The Food Safety and Technology Research Centre under the Department of Applied Biology and Chemical Technology of The Hong Kong Polytechnic University (PolyU) has developed a new method for rapid authentication of Chinese herbal medicines, including Ganoderma (known as Lingzhi in Chinese), and Gastrodiae Rhizoma (known as Tianma in Chinese).
The new method is quick and simple, which takes around 10 minutes to analyse one raw sample, achieving various ends including authentication of genuine and counterfeit species, classification of wild types and cultivated types, as well as differentiation of geographical origins. This method can be further applied to other herbal medicines.
Lingzhi and Tianma are two of the most popular and valuable Chinese medicines. Due to their high commercial values, problem of counterfeiting, adulterating and confusing Lingzhi and Tianma species is not uncommon in the market. Conventionally, fingerprint chromatography is adopted to authenticate and differentiate the species as it can provide comprehensive chemical composition of a sample.
However, it is a labor-intensive and time-consuming method as it takes several hours to undergo the sample preparation and separation process for one sample.
Recently, the PolyU research team adopts the direct ionization mass spectrometry (DI-MS) method to detect the major active components of Lingzhi (ganoderic acids) and Tianma (gastrodin, parishin B/parishin C/and parishin).

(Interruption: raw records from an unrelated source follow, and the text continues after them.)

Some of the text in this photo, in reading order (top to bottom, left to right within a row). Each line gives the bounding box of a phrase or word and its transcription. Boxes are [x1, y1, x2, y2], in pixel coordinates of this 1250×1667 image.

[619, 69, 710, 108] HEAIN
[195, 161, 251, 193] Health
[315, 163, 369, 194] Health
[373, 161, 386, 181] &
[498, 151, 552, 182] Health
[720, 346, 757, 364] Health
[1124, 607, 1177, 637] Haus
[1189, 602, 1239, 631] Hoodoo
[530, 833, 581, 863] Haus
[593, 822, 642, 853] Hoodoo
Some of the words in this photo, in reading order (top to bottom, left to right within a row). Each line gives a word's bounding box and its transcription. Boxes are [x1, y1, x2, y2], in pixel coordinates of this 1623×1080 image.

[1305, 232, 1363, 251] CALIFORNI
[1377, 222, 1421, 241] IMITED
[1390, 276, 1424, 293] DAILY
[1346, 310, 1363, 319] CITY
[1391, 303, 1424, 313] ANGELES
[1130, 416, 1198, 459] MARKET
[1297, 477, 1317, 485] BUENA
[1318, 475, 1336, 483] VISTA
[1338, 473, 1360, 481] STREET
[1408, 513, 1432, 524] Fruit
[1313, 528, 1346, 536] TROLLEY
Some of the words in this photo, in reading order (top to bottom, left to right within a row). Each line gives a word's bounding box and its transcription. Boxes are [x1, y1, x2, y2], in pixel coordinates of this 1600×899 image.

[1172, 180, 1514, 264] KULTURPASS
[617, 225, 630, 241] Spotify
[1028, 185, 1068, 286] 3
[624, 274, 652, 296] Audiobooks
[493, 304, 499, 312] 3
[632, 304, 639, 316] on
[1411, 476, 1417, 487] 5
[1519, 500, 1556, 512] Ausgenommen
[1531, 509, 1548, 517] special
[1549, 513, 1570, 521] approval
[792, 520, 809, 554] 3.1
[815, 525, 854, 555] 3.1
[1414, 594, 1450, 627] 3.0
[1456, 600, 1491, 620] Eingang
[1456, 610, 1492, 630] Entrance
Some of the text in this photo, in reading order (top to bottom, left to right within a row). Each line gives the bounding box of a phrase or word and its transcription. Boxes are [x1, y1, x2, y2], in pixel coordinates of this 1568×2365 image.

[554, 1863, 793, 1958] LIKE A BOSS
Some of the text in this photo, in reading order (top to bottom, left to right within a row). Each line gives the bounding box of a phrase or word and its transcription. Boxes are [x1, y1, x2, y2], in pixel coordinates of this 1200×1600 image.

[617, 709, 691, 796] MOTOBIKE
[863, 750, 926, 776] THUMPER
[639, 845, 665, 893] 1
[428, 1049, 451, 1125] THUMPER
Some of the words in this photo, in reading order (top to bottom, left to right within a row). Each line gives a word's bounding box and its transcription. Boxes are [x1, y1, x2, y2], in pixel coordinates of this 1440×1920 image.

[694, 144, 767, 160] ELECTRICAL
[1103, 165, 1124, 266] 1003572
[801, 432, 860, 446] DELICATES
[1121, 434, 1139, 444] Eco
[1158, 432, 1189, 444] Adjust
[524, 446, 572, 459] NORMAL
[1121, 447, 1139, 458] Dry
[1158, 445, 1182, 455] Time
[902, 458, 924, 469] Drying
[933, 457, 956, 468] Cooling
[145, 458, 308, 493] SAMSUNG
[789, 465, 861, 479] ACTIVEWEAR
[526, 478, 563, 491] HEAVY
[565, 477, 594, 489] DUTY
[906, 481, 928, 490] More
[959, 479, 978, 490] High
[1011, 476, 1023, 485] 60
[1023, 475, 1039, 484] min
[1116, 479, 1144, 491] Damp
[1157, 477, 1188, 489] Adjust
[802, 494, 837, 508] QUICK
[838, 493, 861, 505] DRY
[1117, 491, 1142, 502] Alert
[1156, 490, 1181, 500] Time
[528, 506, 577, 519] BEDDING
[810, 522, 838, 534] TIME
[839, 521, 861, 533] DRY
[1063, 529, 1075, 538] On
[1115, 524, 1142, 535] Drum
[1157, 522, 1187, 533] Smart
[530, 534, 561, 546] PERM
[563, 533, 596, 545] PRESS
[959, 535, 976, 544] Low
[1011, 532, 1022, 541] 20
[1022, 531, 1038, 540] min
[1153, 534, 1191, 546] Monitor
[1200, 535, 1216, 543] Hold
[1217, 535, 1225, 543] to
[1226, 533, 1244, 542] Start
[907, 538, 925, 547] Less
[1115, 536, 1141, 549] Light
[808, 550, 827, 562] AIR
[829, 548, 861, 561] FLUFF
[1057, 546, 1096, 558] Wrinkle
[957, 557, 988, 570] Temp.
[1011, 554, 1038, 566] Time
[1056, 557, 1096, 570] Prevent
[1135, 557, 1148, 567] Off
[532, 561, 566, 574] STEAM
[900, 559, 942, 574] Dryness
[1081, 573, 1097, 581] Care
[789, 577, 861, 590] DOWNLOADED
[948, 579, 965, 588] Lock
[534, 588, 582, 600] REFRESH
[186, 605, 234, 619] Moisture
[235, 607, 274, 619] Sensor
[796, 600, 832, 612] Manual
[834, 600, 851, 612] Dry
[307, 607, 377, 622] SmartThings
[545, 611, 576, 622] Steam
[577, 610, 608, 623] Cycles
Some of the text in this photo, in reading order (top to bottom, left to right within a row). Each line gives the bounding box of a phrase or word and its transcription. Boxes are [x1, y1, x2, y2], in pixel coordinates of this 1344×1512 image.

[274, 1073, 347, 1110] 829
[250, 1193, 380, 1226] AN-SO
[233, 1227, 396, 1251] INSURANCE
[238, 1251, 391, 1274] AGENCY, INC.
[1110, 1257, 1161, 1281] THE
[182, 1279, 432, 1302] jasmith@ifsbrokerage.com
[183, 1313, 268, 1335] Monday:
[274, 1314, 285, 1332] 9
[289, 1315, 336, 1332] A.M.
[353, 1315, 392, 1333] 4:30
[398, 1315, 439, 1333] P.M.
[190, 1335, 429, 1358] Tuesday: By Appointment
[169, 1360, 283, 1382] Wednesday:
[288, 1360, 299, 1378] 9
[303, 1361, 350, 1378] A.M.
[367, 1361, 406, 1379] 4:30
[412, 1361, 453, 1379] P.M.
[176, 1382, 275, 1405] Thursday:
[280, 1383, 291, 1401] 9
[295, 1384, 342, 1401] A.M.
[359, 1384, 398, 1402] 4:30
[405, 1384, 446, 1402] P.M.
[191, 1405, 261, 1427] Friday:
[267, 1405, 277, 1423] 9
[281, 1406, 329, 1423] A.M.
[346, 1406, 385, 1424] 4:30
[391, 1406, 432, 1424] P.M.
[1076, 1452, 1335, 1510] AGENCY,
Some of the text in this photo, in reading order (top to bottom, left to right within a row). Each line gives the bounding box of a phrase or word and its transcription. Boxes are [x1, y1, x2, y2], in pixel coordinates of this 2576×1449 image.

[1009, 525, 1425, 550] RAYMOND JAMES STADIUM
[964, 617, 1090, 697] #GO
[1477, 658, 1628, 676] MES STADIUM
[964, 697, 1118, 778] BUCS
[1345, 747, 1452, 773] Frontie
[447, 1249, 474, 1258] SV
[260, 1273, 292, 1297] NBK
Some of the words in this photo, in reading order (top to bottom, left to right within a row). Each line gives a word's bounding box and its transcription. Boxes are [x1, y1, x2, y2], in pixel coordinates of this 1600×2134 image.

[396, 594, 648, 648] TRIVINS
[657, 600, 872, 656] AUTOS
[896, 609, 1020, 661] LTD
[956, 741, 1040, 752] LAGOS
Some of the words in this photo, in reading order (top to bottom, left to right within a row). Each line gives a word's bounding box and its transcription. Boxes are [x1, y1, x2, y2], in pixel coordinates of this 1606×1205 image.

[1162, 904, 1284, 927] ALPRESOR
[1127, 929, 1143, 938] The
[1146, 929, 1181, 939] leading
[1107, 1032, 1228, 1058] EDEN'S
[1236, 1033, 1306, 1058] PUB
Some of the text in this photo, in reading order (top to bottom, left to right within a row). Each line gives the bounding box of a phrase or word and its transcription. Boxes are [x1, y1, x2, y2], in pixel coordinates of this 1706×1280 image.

By directly applying a high voltage on a small piece of raw sample with its surface loaded with solvents, spray ionization could be induced at the tip of the sample to generate corresponding mass spectra within minutes, as if they are fingerprints which helps identification. The presence of major active components in the DI-MS spectra authenticates genuine samples from counterfeit ones.
Moreover, with Principal Component Analysis (PCA), a commonly used dataset analytic tool, wild and cultivated types can be classified, while geographical origins could be differentiated.
There are approximately 80 Lingzhi species while only two of them, known as Chizhi and Zizhi in Chinese, are described in Chinese Pharmacopeia. Some other Lingzhi species which have similar appearances are commonly found to be confused with the official species.
On the other hand, Tianma is easily confused with two counterfeit species, namely Cacalia davidii (Franch.) Hand.-Mazz. and Canna edulis Ker.
Both wild Lingzhi and Tianma are very rare and cultivation has become the major source. In general, wild types have higher contents of major active components and thus better curative effect. Samples originated from different geographical locations also have variations in components due to varying cultivation conditions.
The method developed by PolyU is simple, rapid, reproducible and can be easily adopted by researchers in relevant fields as no additional specialized device is required. It has the potential to be further expanded for analysis of other herbal medicines, for example, Heshouwu and Wuweizi, and therefore is expected to bring positive impact on the Chinese herbal medicine industry.